--- Data to examine ---

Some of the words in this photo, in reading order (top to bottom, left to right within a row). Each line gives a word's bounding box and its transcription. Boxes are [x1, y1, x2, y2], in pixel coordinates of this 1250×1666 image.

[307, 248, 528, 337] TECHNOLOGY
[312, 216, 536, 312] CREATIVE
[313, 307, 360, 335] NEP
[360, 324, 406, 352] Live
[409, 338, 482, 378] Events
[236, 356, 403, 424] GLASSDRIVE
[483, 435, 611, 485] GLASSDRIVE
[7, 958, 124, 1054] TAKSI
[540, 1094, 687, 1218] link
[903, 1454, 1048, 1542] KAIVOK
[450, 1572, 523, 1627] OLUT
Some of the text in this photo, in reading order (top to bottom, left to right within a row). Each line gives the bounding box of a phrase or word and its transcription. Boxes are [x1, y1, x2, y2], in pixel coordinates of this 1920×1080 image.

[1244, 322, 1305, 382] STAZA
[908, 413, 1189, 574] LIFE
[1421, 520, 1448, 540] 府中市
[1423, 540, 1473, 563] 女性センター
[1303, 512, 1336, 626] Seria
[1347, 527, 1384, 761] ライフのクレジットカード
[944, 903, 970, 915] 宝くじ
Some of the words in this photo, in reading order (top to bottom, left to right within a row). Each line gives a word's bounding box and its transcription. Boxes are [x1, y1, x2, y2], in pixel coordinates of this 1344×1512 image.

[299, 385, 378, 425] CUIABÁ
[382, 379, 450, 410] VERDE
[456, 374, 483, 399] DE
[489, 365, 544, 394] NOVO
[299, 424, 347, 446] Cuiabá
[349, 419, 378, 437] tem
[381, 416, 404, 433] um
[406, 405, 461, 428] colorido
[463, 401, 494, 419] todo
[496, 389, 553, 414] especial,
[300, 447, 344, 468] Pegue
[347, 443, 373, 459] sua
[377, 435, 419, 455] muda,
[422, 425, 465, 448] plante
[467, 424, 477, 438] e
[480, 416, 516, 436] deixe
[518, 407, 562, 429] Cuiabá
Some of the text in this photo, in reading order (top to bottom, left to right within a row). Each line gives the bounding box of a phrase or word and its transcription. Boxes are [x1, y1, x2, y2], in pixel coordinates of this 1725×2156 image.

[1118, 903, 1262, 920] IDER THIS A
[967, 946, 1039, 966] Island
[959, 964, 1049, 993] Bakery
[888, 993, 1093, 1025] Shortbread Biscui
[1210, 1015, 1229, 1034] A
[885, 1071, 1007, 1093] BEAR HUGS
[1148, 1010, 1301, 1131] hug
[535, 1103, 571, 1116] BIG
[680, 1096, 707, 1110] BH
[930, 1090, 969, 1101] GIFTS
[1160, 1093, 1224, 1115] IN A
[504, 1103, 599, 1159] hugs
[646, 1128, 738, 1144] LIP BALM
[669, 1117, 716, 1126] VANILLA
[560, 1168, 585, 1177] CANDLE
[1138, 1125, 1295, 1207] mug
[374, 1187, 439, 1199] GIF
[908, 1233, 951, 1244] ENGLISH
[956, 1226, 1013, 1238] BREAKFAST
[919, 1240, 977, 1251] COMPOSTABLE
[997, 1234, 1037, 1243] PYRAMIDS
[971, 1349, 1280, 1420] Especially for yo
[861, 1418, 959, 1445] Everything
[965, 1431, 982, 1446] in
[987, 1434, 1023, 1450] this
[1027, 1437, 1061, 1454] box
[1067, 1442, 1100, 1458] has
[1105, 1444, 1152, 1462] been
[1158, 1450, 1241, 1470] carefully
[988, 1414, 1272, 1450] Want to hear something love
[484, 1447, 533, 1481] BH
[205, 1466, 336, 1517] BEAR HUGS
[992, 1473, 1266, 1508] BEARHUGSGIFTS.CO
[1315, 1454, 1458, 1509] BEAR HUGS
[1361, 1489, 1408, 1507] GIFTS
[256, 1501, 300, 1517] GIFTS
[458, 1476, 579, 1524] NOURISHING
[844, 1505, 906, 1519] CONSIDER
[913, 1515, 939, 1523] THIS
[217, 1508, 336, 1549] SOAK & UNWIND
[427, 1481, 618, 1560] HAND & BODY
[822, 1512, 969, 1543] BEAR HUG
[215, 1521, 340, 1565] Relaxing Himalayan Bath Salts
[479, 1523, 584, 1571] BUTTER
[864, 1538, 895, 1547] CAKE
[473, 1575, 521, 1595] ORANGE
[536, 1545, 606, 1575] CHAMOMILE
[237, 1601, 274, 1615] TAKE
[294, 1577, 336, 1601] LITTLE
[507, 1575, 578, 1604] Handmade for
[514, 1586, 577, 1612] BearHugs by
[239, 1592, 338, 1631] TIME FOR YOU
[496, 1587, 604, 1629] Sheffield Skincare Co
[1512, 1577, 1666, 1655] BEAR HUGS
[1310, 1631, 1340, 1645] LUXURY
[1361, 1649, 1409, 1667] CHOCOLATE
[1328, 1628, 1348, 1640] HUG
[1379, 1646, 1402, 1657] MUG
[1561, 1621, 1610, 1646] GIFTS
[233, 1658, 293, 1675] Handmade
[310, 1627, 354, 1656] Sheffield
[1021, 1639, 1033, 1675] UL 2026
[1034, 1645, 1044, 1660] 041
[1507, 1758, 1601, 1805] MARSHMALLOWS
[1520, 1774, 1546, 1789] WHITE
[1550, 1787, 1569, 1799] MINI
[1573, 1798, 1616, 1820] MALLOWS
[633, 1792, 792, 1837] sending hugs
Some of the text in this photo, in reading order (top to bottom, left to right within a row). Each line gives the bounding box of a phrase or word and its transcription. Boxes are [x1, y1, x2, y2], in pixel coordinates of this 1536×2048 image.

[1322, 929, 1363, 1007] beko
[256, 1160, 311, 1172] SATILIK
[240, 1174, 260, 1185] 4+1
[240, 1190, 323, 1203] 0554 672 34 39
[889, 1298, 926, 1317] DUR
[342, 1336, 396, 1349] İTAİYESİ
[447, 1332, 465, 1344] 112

---

■ **How to complete this task**
Nothing should be left out or altered, so reproduce the whole listing.

■ **Solved problem**
Some of the words in this photo, in reading order (top to bottom, left to right within a row). Each line gives a word's bounding box and its transcription. Boxes are [x1, y1, x2, y2], in pixel coordinates of this 1250×1666 image.

[307, 248, 528, 337] TECHNOLOGY
[312, 216, 536, 312] CREATIVE
[313, 307, 360, 335] NEP
[360, 324, 406, 352] Live
[409, 338, 482, 378] Events
[236, 356, 403, 424] GLASSDRIVE
[483, 435, 611, 485] GLASSDRIVE
[7, 958, 124, 1054] TAKSI
[540, 1094, 687, 1218] link
[903, 1454, 1048, 1542] KAIVOK
[450, 1572, 523, 1627] OLUT
Some of the text in this photo, in reading order (top to bottom, left to right within a row). Each line gives the bounding box of a phrase or word and its transcription. Boxes are [x1, y1, x2, y2], in pixel coordinates of this 1920×1080 image.

[1244, 322, 1305, 382] STAZA
[908, 413, 1189, 574] LIFE
[1421, 520, 1448, 540] 府中市
[1423, 540, 1473, 563] 女性センター
[1303, 512, 1336, 626] Seria
[1347, 527, 1384, 761] ライフのクレジットカード
[944, 903, 970, 915] 宝くじ
Some of the words in this photo, in reading order (top to bottom, left to right within a row). Each line gives a word's bounding box and its transcription. Boxes are [x1, y1, x2, y2], in pixel coordinates of this 1344×1512 image.

[299, 385, 378, 425] CUIABÁ
[382, 379, 450, 410] VERDE
[456, 374, 483, 399] DE
[489, 365, 544, 394] NOVO
[299, 424, 347, 446] Cuiabá
[349, 419, 378, 437] tem
[381, 416, 404, 433] um
[406, 405, 461, 428] colorido
[463, 401, 494, 419] todo
[496, 389, 553, 414] especial,
[300, 447, 344, 468] Pegue
[347, 443, 373, 459] sua
[377, 435, 419, 455] muda,
[422, 425, 465, 448] plante
[467, 424, 477, 438] e
[480, 416, 516, 436] deixe
[518, 407, 562, 429] Cuiabá
Some of the text in this photo, in reading order (top to bottom, left to right within a row). Each line gives the bounding box of a phrase or word and its transcription. Boxes are [x1, y1, x2, y2], in pixel coordinates of this 1725×2156 image.

[1118, 903, 1262, 920] IDER THIS A
[967, 946, 1039, 966] Island
[959, 964, 1049, 993] Bakery
[888, 993, 1093, 1025] Shortbread Biscui
[1210, 1015, 1229, 1034] A
[885, 1071, 1007, 1093] BEAR HUGS
[1148, 1010, 1301, 1131] hug
[535, 1103, 571, 1116] BIG
[680, 1096, 707, 1110] BH
[930, 1090, 969, 1101] GIFTS
[1160, 1093, 1224, 1115] IN A
[504, 1103, 599, 1159] hugs
[646, 1128, 738, 1144] LIP BALM
[669, 1117, 716, 1126] VANILLA
[560, 1168, 585, 1177] CANDLE
[1138, 1125, 1295, 1207] mug
[374, 1187, 439, 1199] GIF
[908, 1233, 951, 1244] ENGLISH
[956, 1226, 1013, 1238] BREAKFAST
[919, 1240, 977, 1251] COMPOSTABLE
[997, 1234, 1037, 1243] PYRAMIDS
[971, 1349, 1280, 1420] Especially for yo
[861, 1418, 959, 1445] Everything
[965, 1431, 982, 1446] in
[987, 1434, 1023, 1450] this
[1027, 1437, 1061, 1454] box
[1067, 1442, 1100, 1458] has
[1105, 1444, 1152, 1462] been
[1158, 1450, 1241, 1470] carefully
[988, 1414, 1272, 1450] Want to hear something love
[484, 1447, 533, 1481] BH
[205, 1466, 336, 1517] BEAR HUGS
[992, 1473, 1266, 1508] BEARHUGSGIFTS.CO
[1315, 1454, 1458, 1509] BEAR HUGS
[1361, 1489, 1408, 1507] GIFTS
[256, 1501, 300, 1517] GIFTS
[458, 1476, 579, 1524] NOURISHING
[844, 1505, 906, 1519] CONSIDER
[913, 1515, 939, 1523] THIS
[217, 1508, 336, 1549] SOAK & UNWIND
[427, 1481, 618, 1560] HAND & BODY
[822, 1512, 969, 1543] BEAR HUG
[215, 1521, 340, 1565] Relaxing Himalayan Bath Salts
[479, 1523, 584, 1571] BUTTER
[864, 1538, 895, 1547] CAKE
[473, 1575, 521, 1595] ORANGE
[536, 1545, 606, 1575] CHAMOMILE
[237, 1601, 274, 1615] TAKE
[294, 1577, 336, 1601] LITTLE
[507, 1575, 578, 1604] Handmade for
[514, 1586, 577, 1612] BearHugs by
[239, 1592, 338, 1631] TIME FOR YOU
[496, 1587, 604, 1629] Sheffield Skincare Co
[1512, 1577, 1666, 1655] BEAR HUGS
[1310, 1631, 1340, 1645] LUXURY
[1361, 1649, 1409, 1667] CHOCOLATE
[1328, 1628, 1348, 1640] HUG
[1379, 1646, 1402, 1657] MUG
[1561, 1621, 1610, 1646] GIFTS
[233, 1658, 293, 1675] Handmade
[310, 1627, 354, 1656] Sheffield
[1021, 1639, 1033, 1675] UL 2026
[1034, 1645, 1044, 1660] 041
[1507, 1758, 1601, 1805] MARSHMALLOWS
[1520, 1774, 1546, 1789] WHITE
[1550, 1787, 1569, 1799] MINI
[1573, 1798, 1616, 1820] MALLOWS
[633, 1792, 792, 1837] sending hugs
Some of the text in this photo, in reading order (top to bottom, left to right within a row). Each line gives the bounding box of a phrase or word and its transcription. Boxes are [x1, y1, x2, y2], in pixel coordinates of this 1536×2048 image.

[1322, 929, 1363, 1007] beko
[256, 1160, 311, 1172] SATILIK
[240, 1174, 260, 1185] 4+1
[240, 1190, 323, 1203] 0554 672 34 39
[889, 1298, 926, 1317] DUR
[342, 1336, 396, 1349] İTAİYESİ
[447, 1332, 465, 1344] 112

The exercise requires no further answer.